Problem requirements
The following data is to be repeated exactly, its pictures excluded.

[Opening Dataset section]

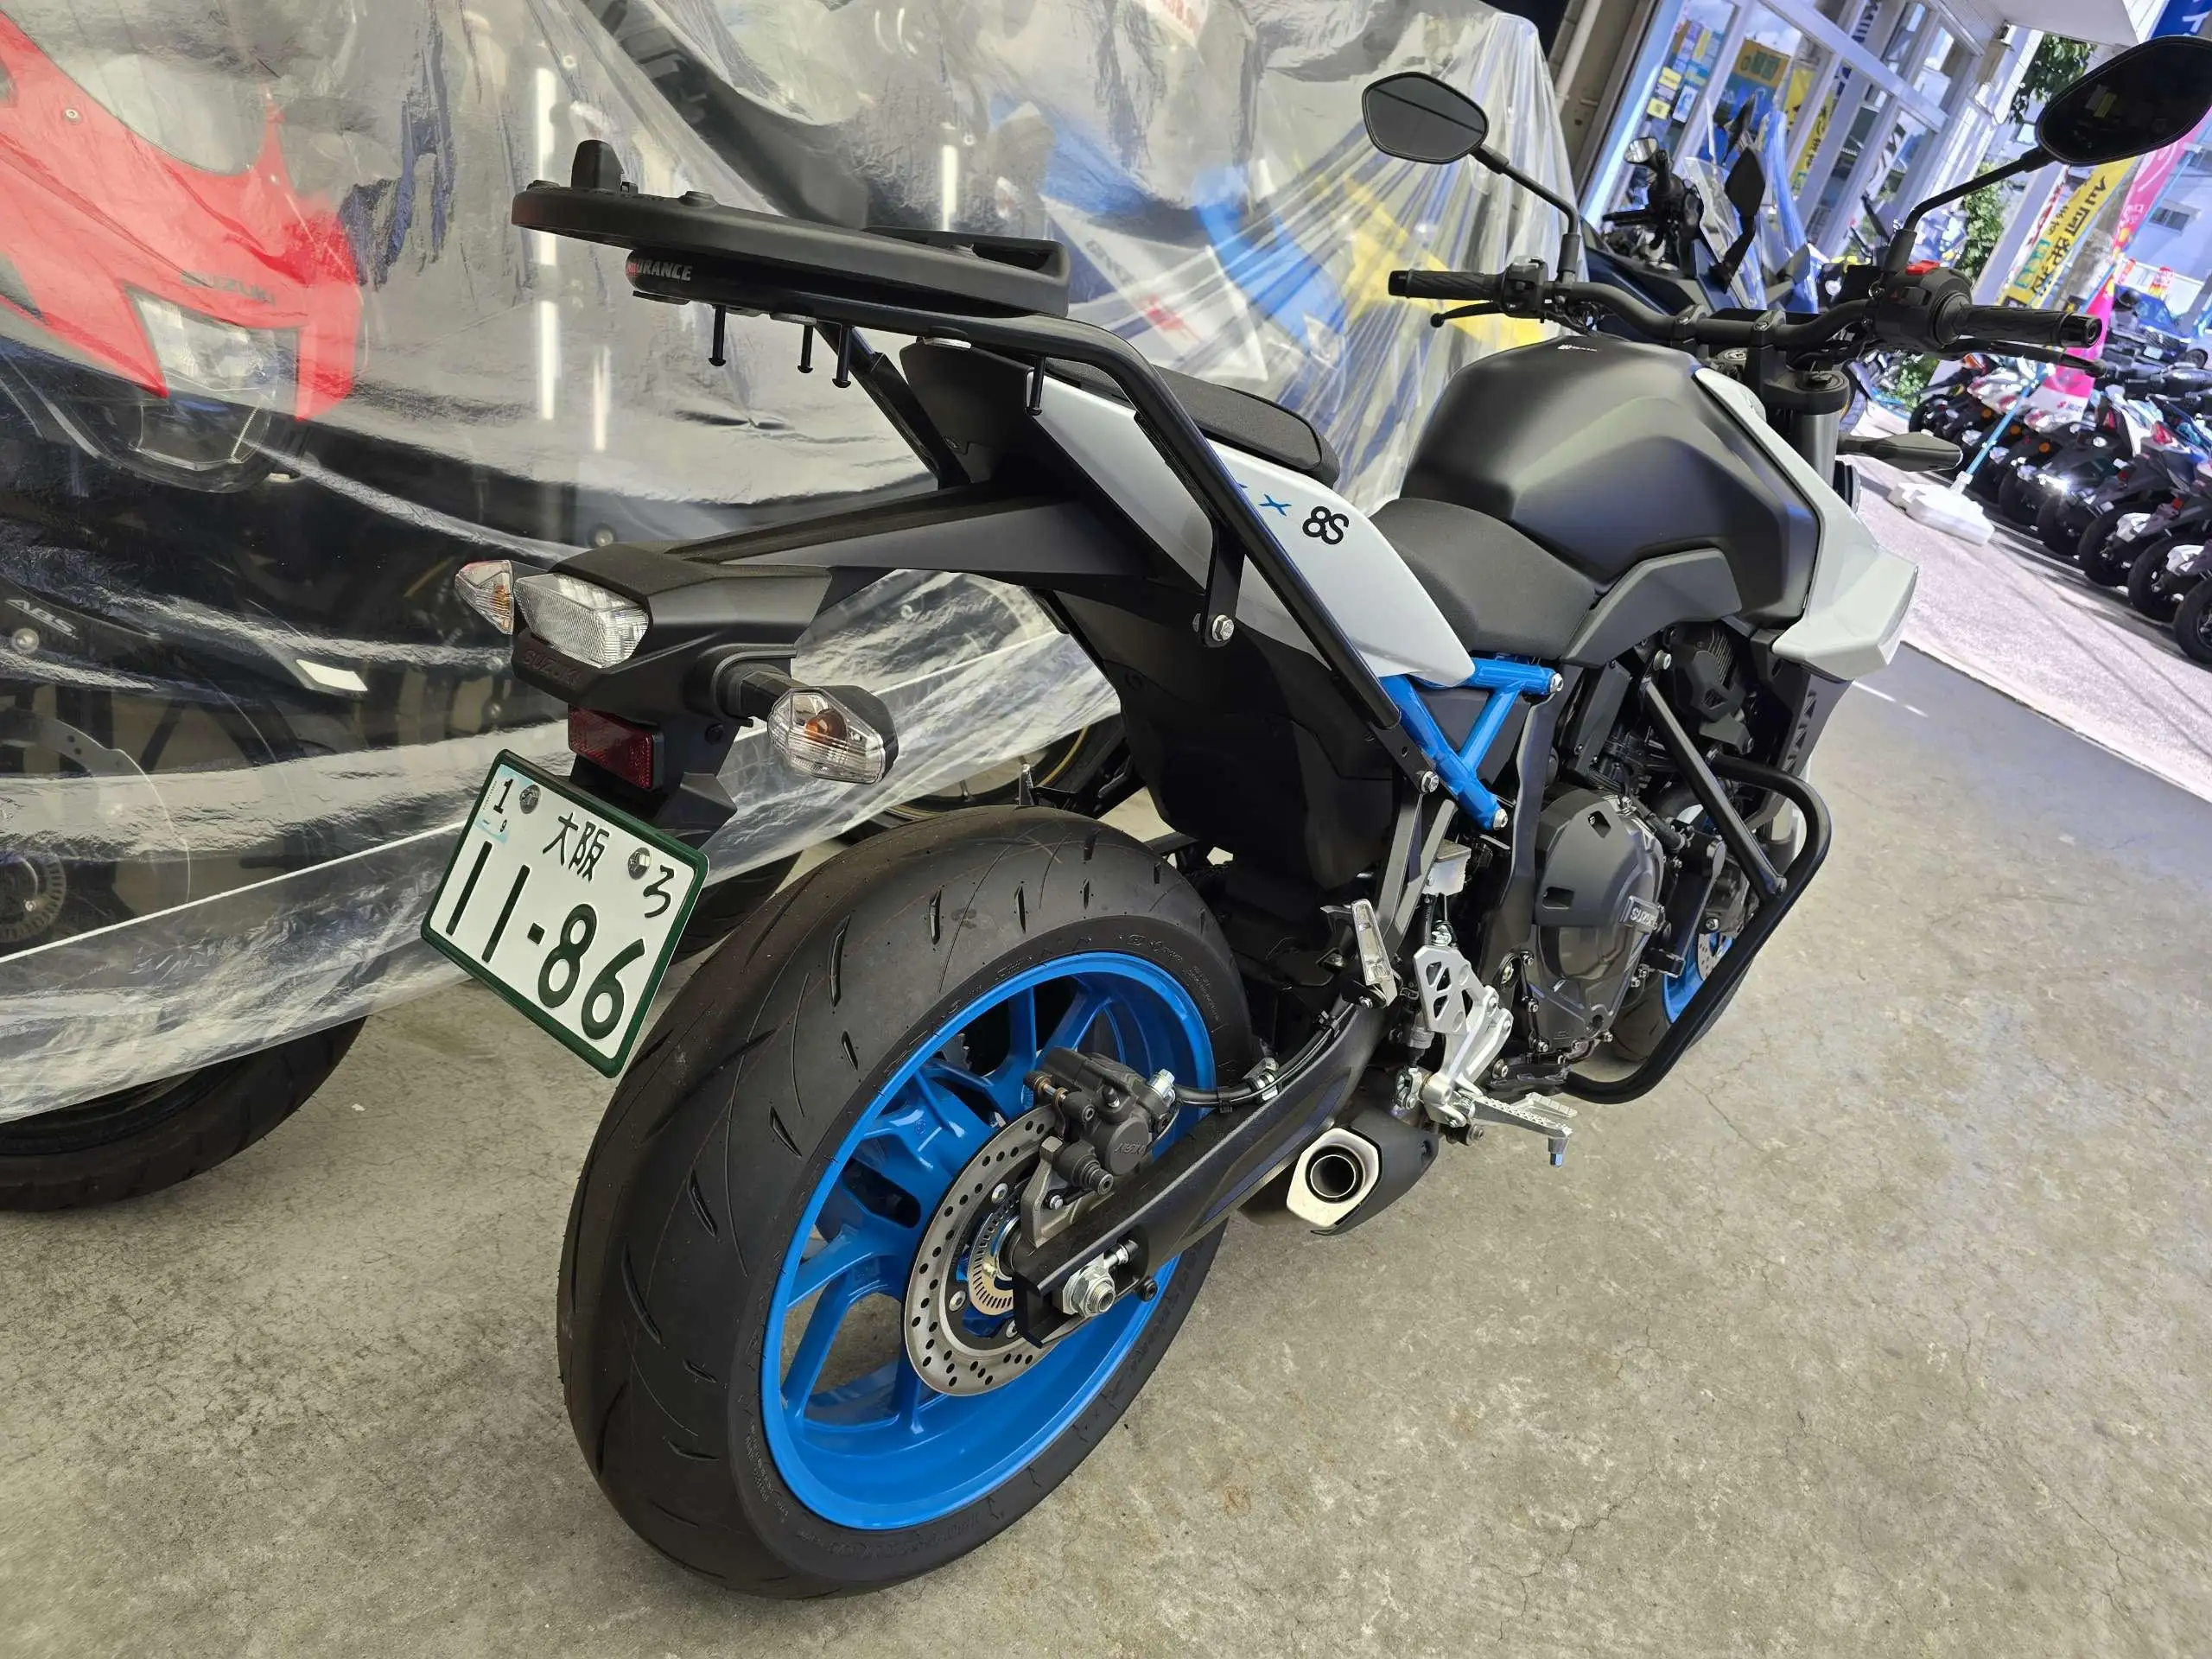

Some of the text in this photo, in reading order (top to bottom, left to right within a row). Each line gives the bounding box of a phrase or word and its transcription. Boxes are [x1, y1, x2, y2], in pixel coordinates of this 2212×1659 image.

[1302, 505, 1350, 544] 8S
[6, 599, 77, 638] ABS
[493, 779, 514, 814] 1
[543, 812, 609, 881] 大阪

[Closing Dataset section]

Answer for the task
Some of the text in this photo, in reading order (top to bottom, left to right within a row). Each line gives the bounding box of a phrase or word and its transcription. Boxes are [x1, y1, x2, y2], in pixel coordinates of this 2212×1659 image.

[1302, 505, 1350, 544] 8S
[6, 599, 77, 638] ABS
[493, 779, 514, 814] 1
[543, 812, 609, 881] 大阪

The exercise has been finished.